BEGIN Data supplied

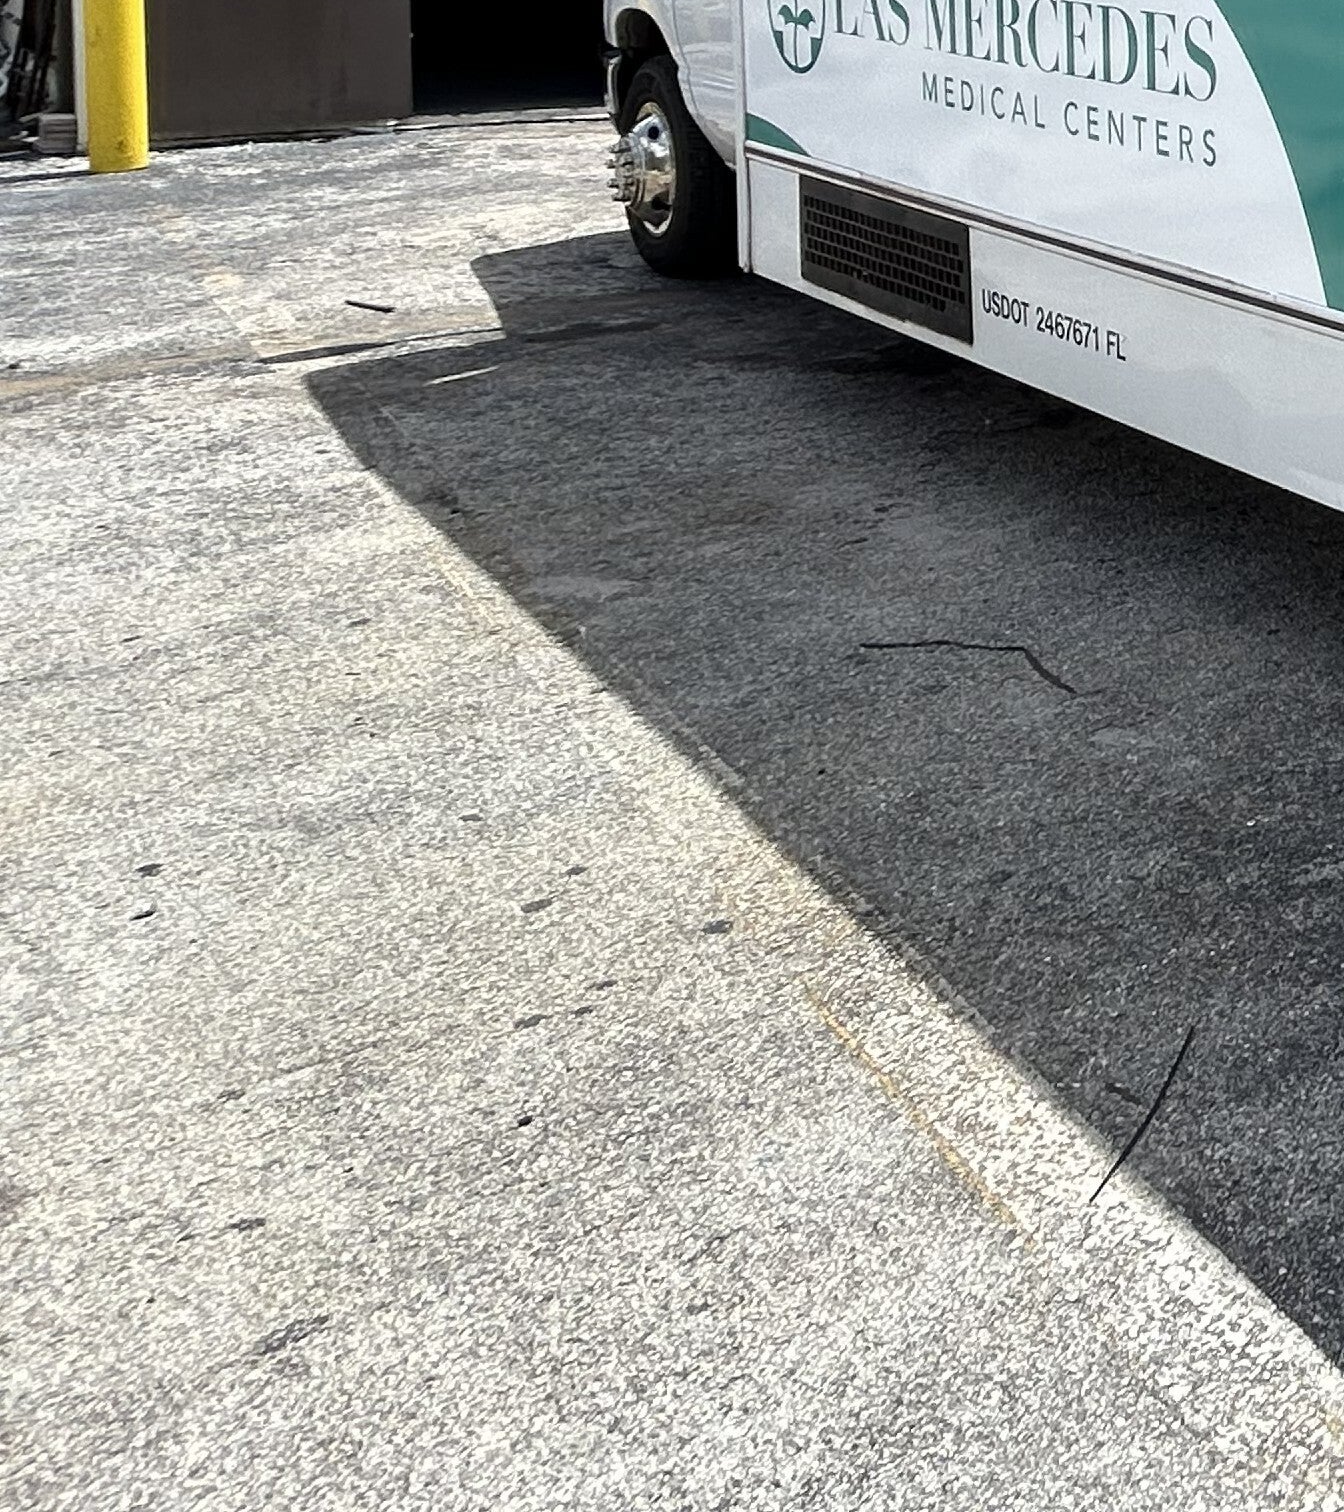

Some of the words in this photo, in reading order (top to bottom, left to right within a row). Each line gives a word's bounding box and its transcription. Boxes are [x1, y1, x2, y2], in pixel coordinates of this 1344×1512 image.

[922, 71, 1046, 129] MEDICAL
[1064, 101, 1217, 167] CENTERS
[982, 288, 1029, 327] USDOT
[1036, 307, 1099, 351] 2467671
[1106, 330, 1126, 361] FL

END Data supplied

**Aim of the exercise:** Drop the pictures and copy the data exactly.

**Answer box:**
Some of the words in this photo, in reading order (top to bottom, left to right within a row). Each line gives a word's bounding box and its transcription. Boxes are [x1, y1, x2, y2], in pixel coordinates of this 1344×1512 image.

[922, 71, 1046, 129] MEDICAL
[1064, 101, 1217, 167] CENTERS
[982, 288, 1029, 327] USDOT
[1036, 307, 1099, 351] 2467671
[1106, 330, 1126, 361] FL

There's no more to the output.